On June 7, the FDA approved a new medication for Alzheimer’s disease named aducanumab, branded as Aduhelm. The approval came as a shock to its expert panel, which had voted 8 to 1 (with 2 abstentions) against it based on the lack of evidence that it does anything. That didn’t seem to bother the top brass at the FDA, which had huddled with Biogen, the drug’s peddler, to see whether the data could be resliced and diced to demonstrate some sort of vague utility.

It’s hard to know where to begin to dismember this appalling decision given the multiple forms of horribleness that it embodies. To start, it offers what will probably be false hope to desperate families dealing with the agonizing impact of dementia in a loved one. The FDA was created in 1906 precisely to put an end to the unscrupulous exploitation of sick people and their relatives casting about for a ray of hope in the face of untreatable ailments. Snake-oil salesmen used to be able to bottle up any old concoction and push it onto the panicked and gullible—now they can again.

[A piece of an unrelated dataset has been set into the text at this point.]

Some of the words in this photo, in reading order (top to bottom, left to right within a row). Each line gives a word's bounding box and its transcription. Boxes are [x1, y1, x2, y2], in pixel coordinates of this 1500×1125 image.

How could the FDA approve a drug without solid evidence that it has at least some minimum impact on the course of Alzheimer’s? The answer lies in that old saw about “lies, damn lies, and statistics.” Biostatistics is a highly developed science aimed at answering one key question: do the results of a given trial (such as testing a new drug) constitute meaningful evidence for a causal effect—i.e., does it work? Or are superficially promising outcomes merely random artifacts, chance events that only appear to mean something, like flipping a coin and getting heads 8 times in a row? The logic involved is worth pausing to consider.

Statistical science originated, not surprisingly, with gambling. If we flip a coin 100 times, we can calculate the exact likelihood of getting heads 50 times, 60 times, or 99 times, assuming the coin is perfectly balanced and the flip is performed in an exactly uniform manner each time. By the law of large numbers, more data points will provide greater evidence: for example, getting heads 9 times out of 10 is unusual but plausibly random while getting heads 90 times out of 100 suggests that there is something wrong with the coin—meaning that we are should look beyond chance for some other more likely cause.

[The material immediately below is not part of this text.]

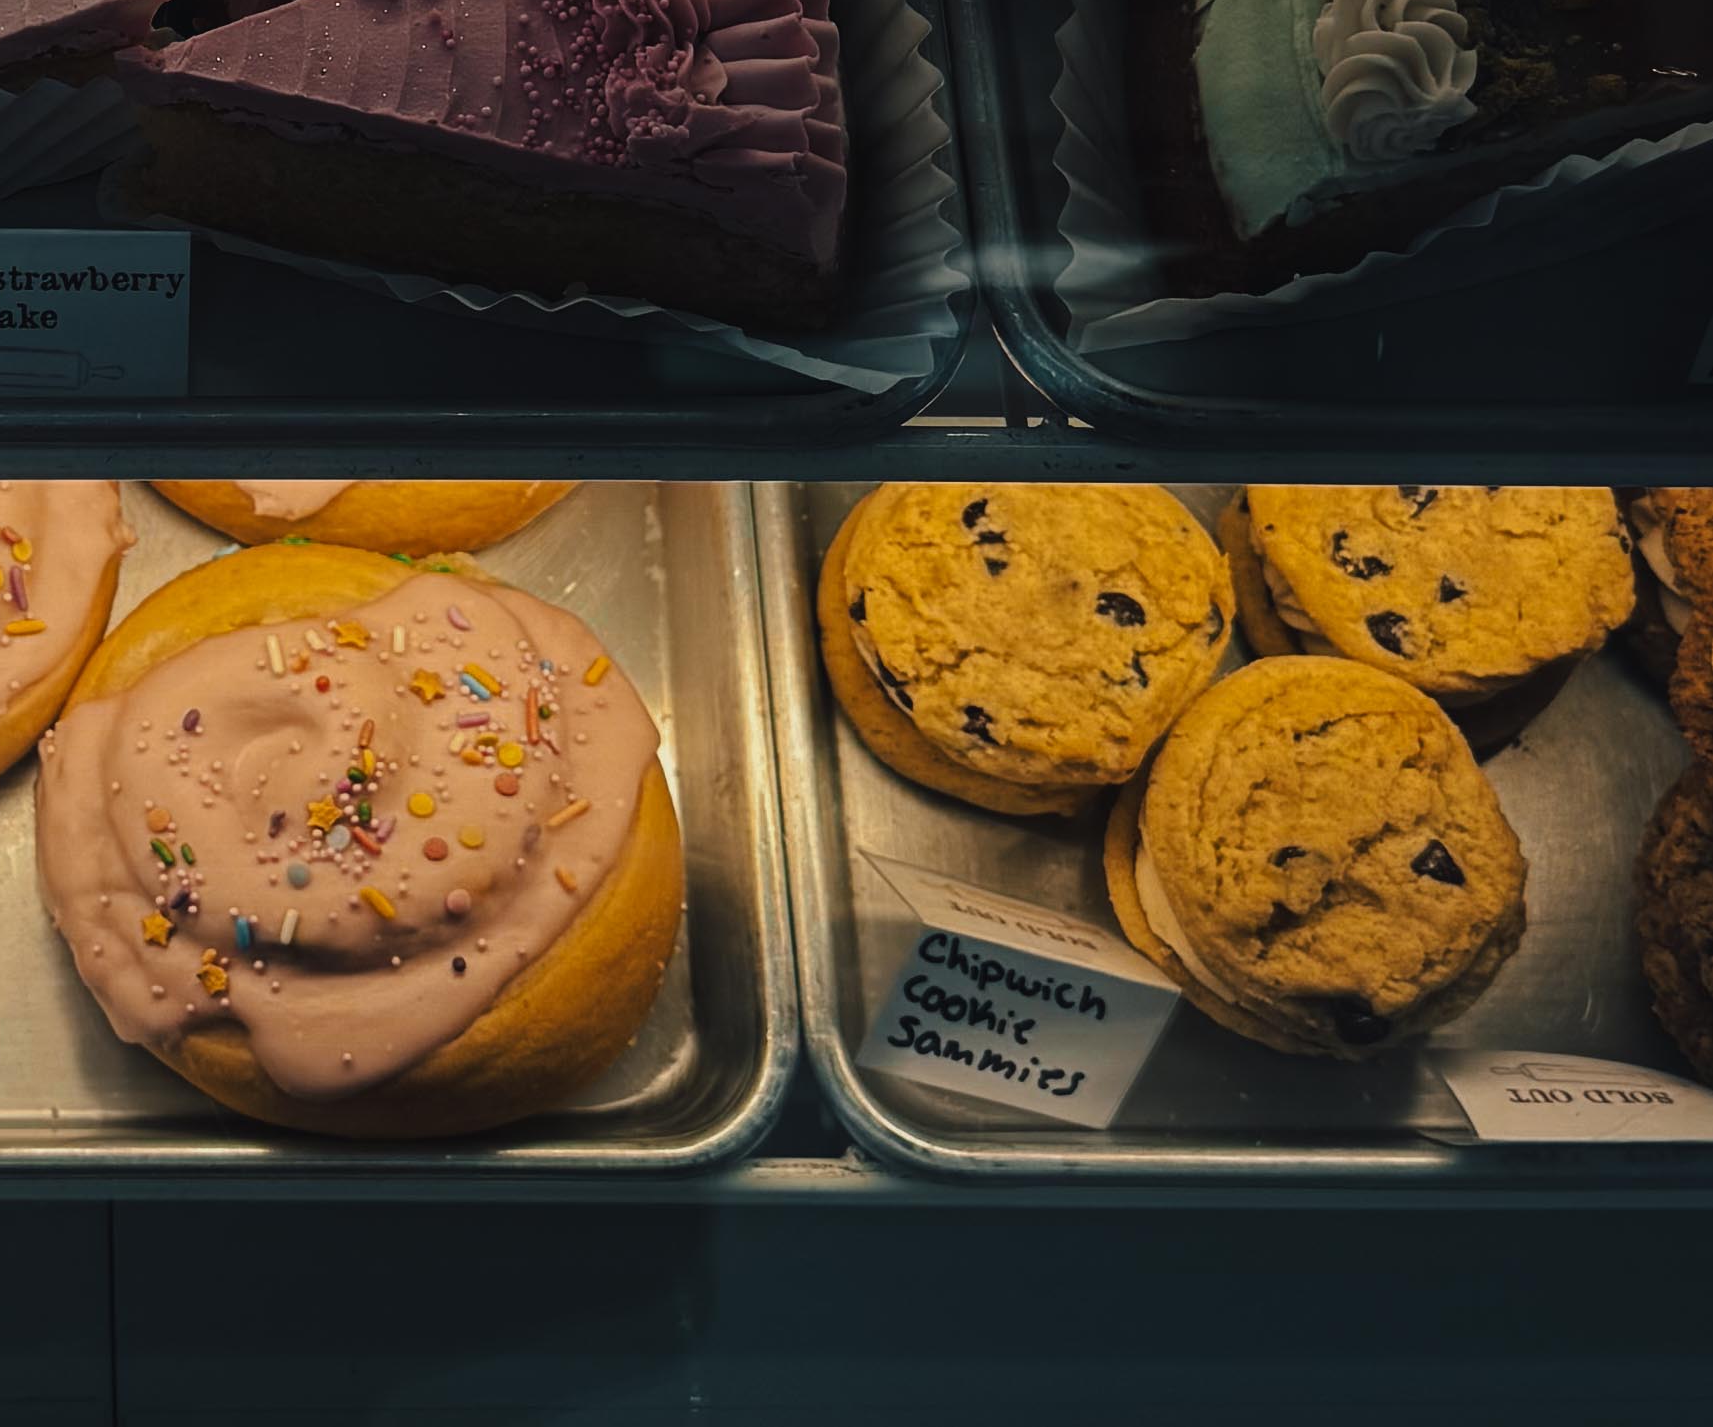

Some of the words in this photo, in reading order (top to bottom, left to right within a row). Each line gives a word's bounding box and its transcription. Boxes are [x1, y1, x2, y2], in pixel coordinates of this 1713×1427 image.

[918, 932, 1106, 1021] Chipwich
[888, 1015, 1085, 1096] Sammies
[1504, 1087, 1574, 1105] OUT
[1582, 1088, 1676, 1106] SOLD

Researchers conducting a trial of a new drug will recruit thousands of patients and assign them to either a treatment or a placebo arm, then follow both carefully to see what happens. If the treated patients improve, they can claim success (depending on how much improvement is observed). But one can immediately think of dozens of ways to introduce bias and distortion into the procedures and thus the outcomes, which good researchers try their best to be aware of and avoid.

Given the billions of dollars that are at stake if a drug is shown to work, pharmaceutical companies have built-in incentives to game the system by engineering favorable data. To avoid corrupting the science, data reviewers have to be extremely rigorous and skeptical—which the reviewers of Aduhelm were.

One way to guard against manipulation of data is to set the parameters of what will constitute persuasive evidence at the outset and not change the rules later to fit the desired conclusions. But that is exactly what the purveyors of Aduhelm did: they jettisoned the unfavorable results of one study while highlighting the one in which their drug performed better. They also hypothesized that one of the study arms in the favored study had a disproportionate number of patients whose disease had already progressed beyond the point of being helped by their medication. The FDA went along with all these mid-stream changes.

In the Journal of the American Medical Association (JAMA), three physicians laid out the case against Aduhelm. Two of them (Emerson and Kesselheim) were on the expert FDA panel assigned to review the data—and resigned in protest after their counsel was ignored. They write: “Any treatment will appear to be more effective if individuals in whom it works least are removed from the analysis.”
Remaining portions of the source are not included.